For a further explanation of system numbers, check this link.

13 June 2014

Adepts of the Doxology

“Are you alright, Sana?” I screamed, daring a glance back at the fallen wizard, that lizard of hers screaming like a tea kettle.  I didn’t hold out high hopes - that damn crossbow bolt was sticking IN her, and it sure didn’t look good.  For any of us - me, Dray, the four remaining sellswords, we were holding off Tellek’s band of renegades at the wall, and we’d done for a dozen of the bastards at least ... but there were a couple dozen more, and now they were pissed.

“Wolf Lord’s nut sack, here they come,” spat Dray.  I nodded and gripped my last two throwing knives, feeling in front of me to make sure the axe was there and ready.

S-S-S-S-S-S-SHING!  The front wave was flattened, knocked down as if by Upuaut’s own scythe.  S-S-S-S-S-S-SHING!  I stole another glance back, and there was Sana Avennia, staggering forward - that bolt still sticking out of her! - shaking her flail at the enemy line.  S-S-S-S-S-S-SHING!  The bronze links rang in the night, and damn me for a civvie if it wasn’t a sweeter sound than temple bells.

“Eyes forward, Gwythar,” Avennia hissed, wiping the blood from her mouth with her free hand.  “We’re not done for yet, but neither are they.”  S-S-S-S-S-S-SHING!

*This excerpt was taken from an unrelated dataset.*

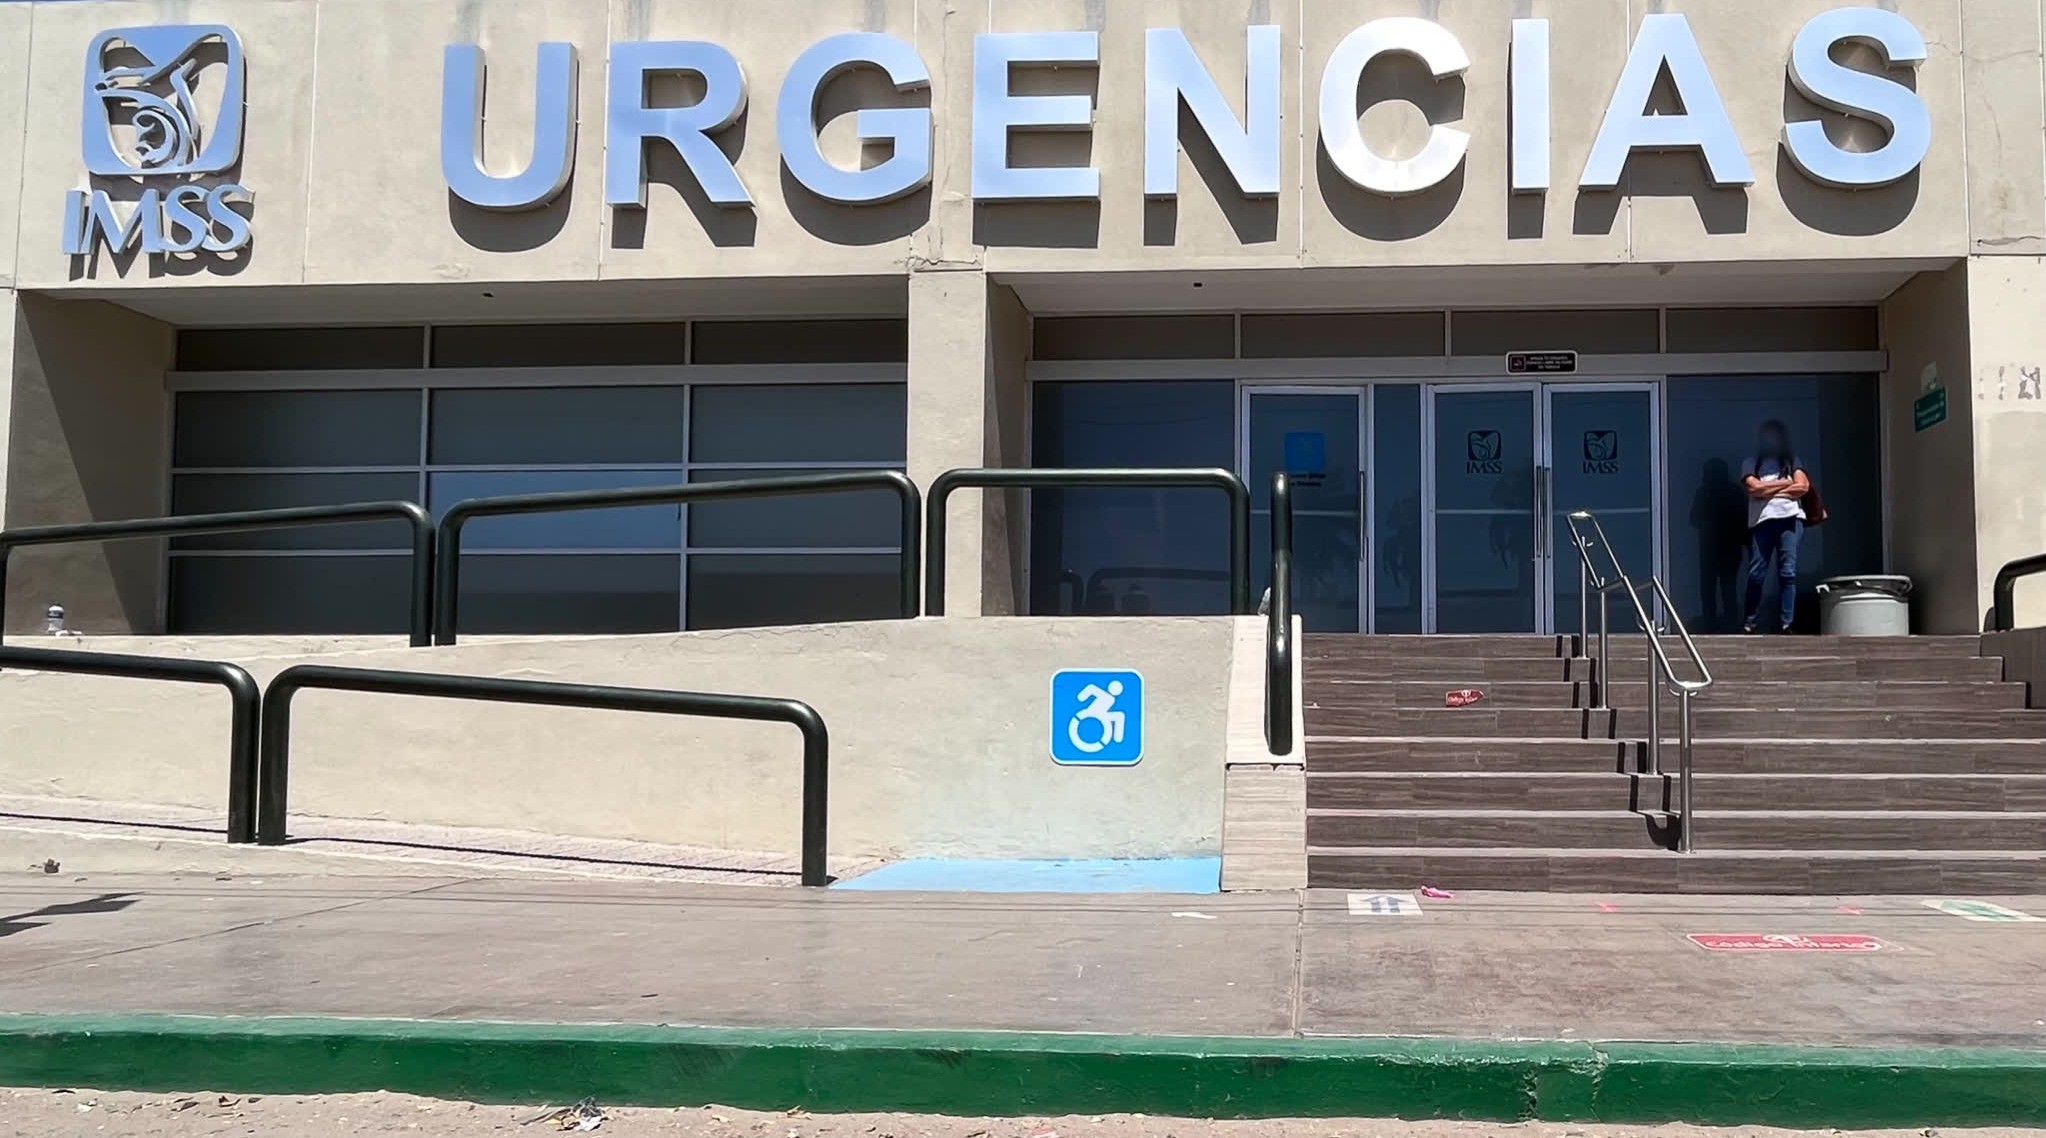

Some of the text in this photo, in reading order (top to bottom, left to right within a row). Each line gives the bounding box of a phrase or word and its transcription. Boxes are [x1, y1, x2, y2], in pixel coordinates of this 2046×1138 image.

[441, 6, 1932, 209] URGENCIAS
[63, 184, 256, 255] IMSS
[1466, 461, 1503, 474] IMSS
[1583, 461, 1619, 474] IMSS

ADEPTS OF THE DOXOLOGY OF SAN DESTINAKON

(NB: This is one of the wizardly orders from my campaign, which some people have found interesting and poached for their own.  For those of you scoring at home, "Fristles" are cat people, "Khibils" are fox people, "San/Sana" is a term of respect applied to scholars in general and wizards in particular, and the system information below pertains to GURPS.  Adapt as you wish!)

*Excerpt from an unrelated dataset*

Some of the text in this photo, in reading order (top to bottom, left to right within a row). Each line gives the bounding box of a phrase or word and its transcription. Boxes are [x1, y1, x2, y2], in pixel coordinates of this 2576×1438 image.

The Adepts practice animation and body control magics.  While the order does not discriminate, a preponderance are Fristles and Khibils, both races native to the desert home of the order.  Further, all Adepts carry bronze flails which they use as foci for their magics.  However, the Adepts can and do also use the flails as weapons, and are some of the most skilled warriors among wizards.

Their schola is in the far-off western desert of Mycretia, and most Adepts train there, making wizards of this otherwise useful and well-regarded order more uncommon the farther from there one gets; along the Talendic coast, Adepts come to parity with Wizards of Fruningen in numbers, while it is quite rare to find an Adept beyond the Pazidani Peninsula.  Adepts are schooled in a demanding and punishing regimen which includes a degree of mysticism and ascetic practices unusual amongst magical orders.  Privation, starvation and mortification are known to be part of the training.  Self-flagellation is a notable part of their practices, commonly employed when Adepts believe they have failed or faltered in a task through carelessness, clumsiness or inattention.  Nothing beyond rumors exists of the private rituals they undergo.  “Listening to the Wind” is known to be an element of meditation, although what that means is unrevealed.

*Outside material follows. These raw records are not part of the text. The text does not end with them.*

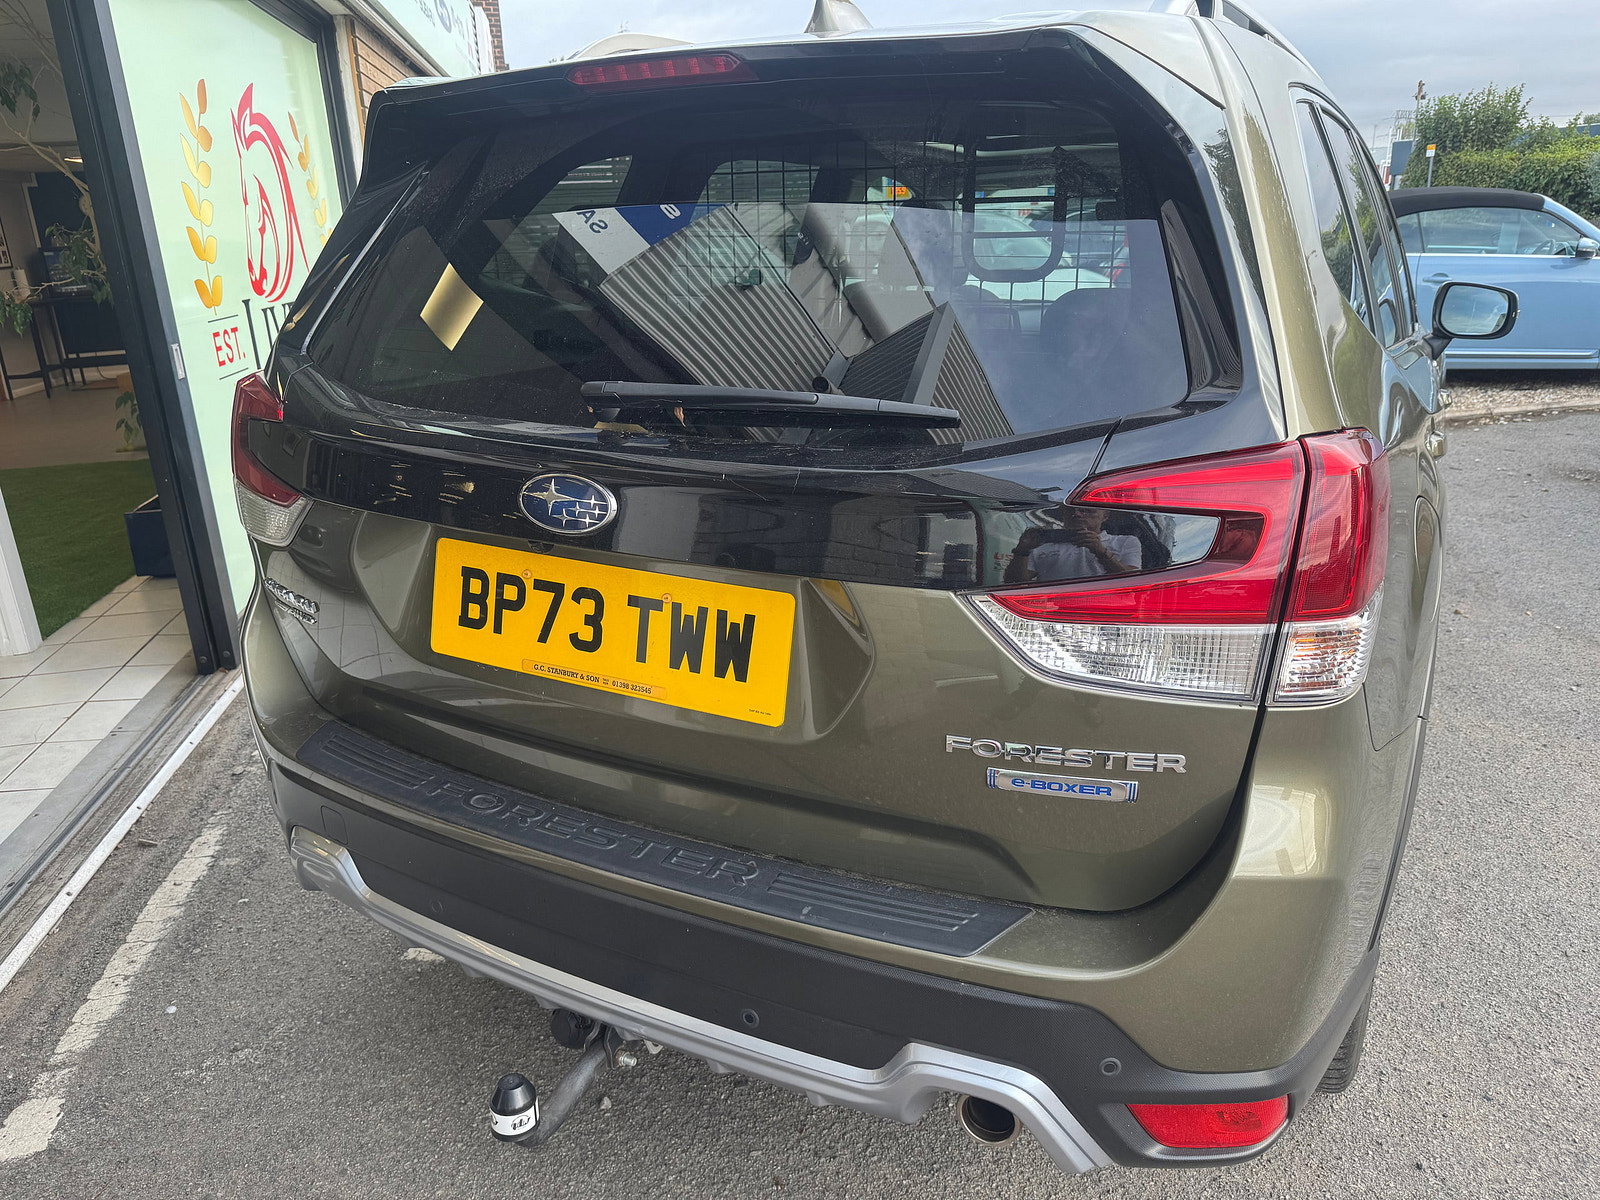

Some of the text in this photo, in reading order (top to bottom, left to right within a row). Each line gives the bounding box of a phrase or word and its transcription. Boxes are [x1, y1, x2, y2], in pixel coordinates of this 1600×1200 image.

[212, 326, 247, 367] EST.
[458, 565, 756, 683] BP73 TWW
[533, 663, 546, 673] G.C.
[547, 666, 579, 679] STANBURY
[585, 673, 600, 683] SON
[945, 734, 1187, 773] FORESTER
[1011, 777, 1112, 796] e-BOXER
[426, 782, 759, 887] FORESTER

What is known is that the last stage of the Adept’s training involves the feared Desert of Blood, ringed with cruel mountains, where he must survive naked – with only the bronze flail for a tool – for one month.  There, in a haunted land where the flow of mana is slight, is where Adepts learn to cope with weak or erratic mana flows; this also stands them well in enchanting magical artifacts, something at which the order excels.  Adepts who survive leave the Desert with a familiar, almost always a winged dragonet slightly smaller than a house cat, believed by observers to be sentient.

Symbol: A bronze flail.

Garb: Adepts wear robes in a diamond checkerboard pattern, usually in brownish and black colors: brown, bronze, umber, tan, brass and so on.  It is usual to wear a mantle which covers the shoulders.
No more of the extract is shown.